Tech deals and IPOs

Editor's note: We're giving you a much-needed holiday break from our rants and raves... Starting tomorrow, The Digest team is taking the rest of the week off to spend Thanksgiving with our families. We hope you enjoy the holiday. We'll return on Monday, November 30.

It's 1999 again...

Ever heard of Zynga? Me neither.

Zynga makes online Facebook games like Mafia Wars and FarmVille. It made $210 million in revenue last year and expects $355 million in revenue this year.

Recent transactions in the video game world suggest Zynga could fetch as much as $1 billion in an IPO. Zynga's fat valuation is said to stem from Electronic Arts' recent acquisition of Playfish, which you can play while logged on to Facebook, MySpace, and other social networking websites. Electronic Arts is paying three to four times revenue for Playfish.

The online games market is growing rapidly. It's expected to top $2 billion by 2012. The market for games played on Xbox and Nintendo game consoles appears to be shrinking, down 12% through October this year, according to researcher NPD Group.

There's not a word anywhere about any of these online game companies making profits... which is what reminds me of 1999.

Just as Zynga's owners might give thanks this holiday season, so too might Diedrich Coffee shareholders...

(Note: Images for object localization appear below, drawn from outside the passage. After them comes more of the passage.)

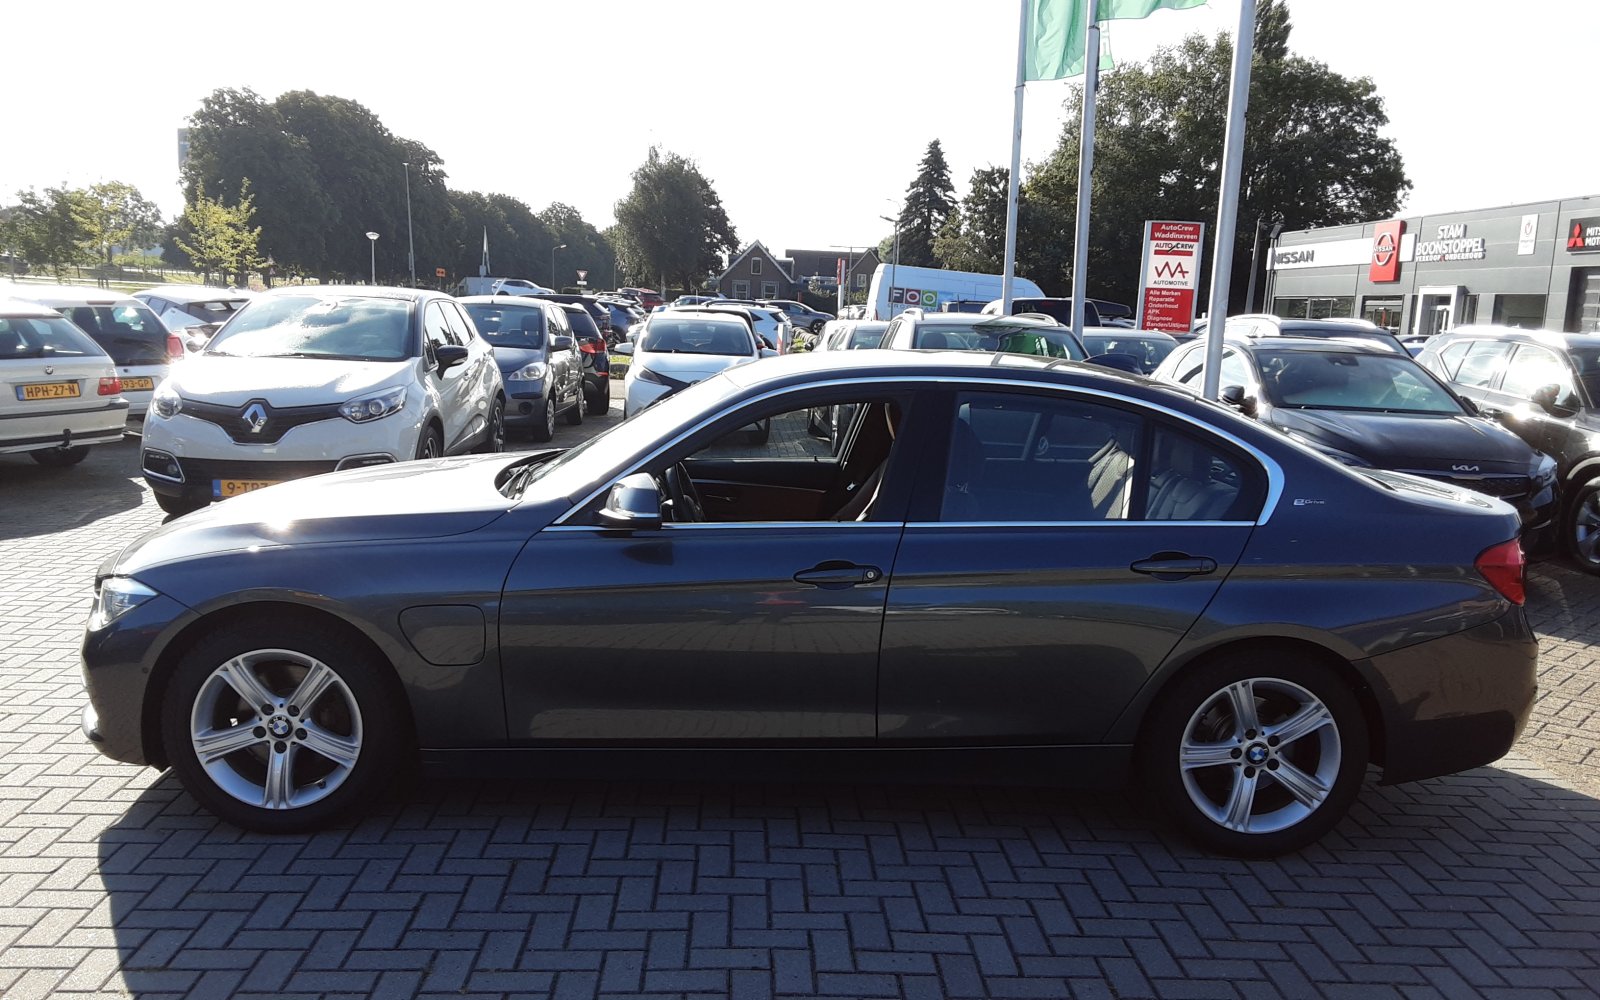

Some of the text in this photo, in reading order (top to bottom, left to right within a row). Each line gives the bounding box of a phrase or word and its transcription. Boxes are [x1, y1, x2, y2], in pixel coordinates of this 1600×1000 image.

[1154, 232, 1198, 240] Waddinxveen
[1437, 224, 1465, 240] STAM
[1416, 238, 1484, 256] BOONSTOPPEL
[1584, 236, 1600, 247] MOT
[1274, 250, 1315, 265] NISSAN
[26, 386, 76, 398] HPH-27-N

Recently, gourmet coffee seller Green Mountain Coffee Roasters appears to be winning a bidding war to buy rival Diedrich Coffee. Peet's Coffee and Tea started the war by offering $26 a share, then Green Mountain countered with $30. Then Peet's offered $30.41 in cash and stock. Now, Green Mountain seems determined to win the war by raising its bid to $32 a share.

Where will it end? Presumably someplace good for Diedrich shareholders... and more than likely, it'll end someplace bad for the winning bidder's shareholders.

That's the way most acquisitions go. It's called "The Winner's Curse." There's a whole book about this and other paradoxes in finance, by a fairly famous economist named Richard Thaler. It's a bit technical, but very enlightening.

The winner of an auction is often "cursed" because in order to win, he has to bid higher than the other auction participants. If everyone in the auction knows approximately what the prize is worth, then you can only win the auction by paying too much, i.e. instantaneously turning yourself from a winner into a loser. Peet's and Green Mountain likely know better than anyone what Diedrich is worth, since all three companies are in the same business. Yet they keep bidding higher and higher...

That's why I've been telling my readers for more than a year that corporate America is delusional. Research shows corporate managers believe their acquisitions add value around 80% of the time, but other research shows acquisitions add value less than 40% of the time. Ergo, corporate America is delusional.

Poor Green Mountain Coffee. It's bidding $265 million for a business that has yet to prove it can generate cash flow.

And how wonderful for Diedrich shareholders, whose shares traded as low as $0.21 in March and now sell for more than $33 each, around 53 times last year's earnings, possibly in anticipation of a more voracious loser stepping up to top Green Mountain's so-far winning (or is that losing) bid.

Just as growing, apparently successful businesses like Zynga and Diedrich Coffee can become traps for investors, so, too, can bankrupt companies become incredibly good investments...

Few people know that better than Bill Ackman and his firm, Pershing Square Capital. They've made a ton of money investing in bankrupt mall owner General Growth Properties (GGP). Ackman started building his GGP position in November 2008. He spent $50 million on the stock, which sold for less than $1 a share at the time. Now, the stock is worth $560 million. Ackman also spent $100 million on unsecured debt, which is now worth $400 million.

I'm not sure what to make of this... Maybe you can help me figure it out...

One of the largest gold vaults in the United States lies beneath the HSBC tower on Fifth Avenue in New York City. Gold prices have soared over the past year, bullion is more popular than ever, and HSBC's vault is running out of room.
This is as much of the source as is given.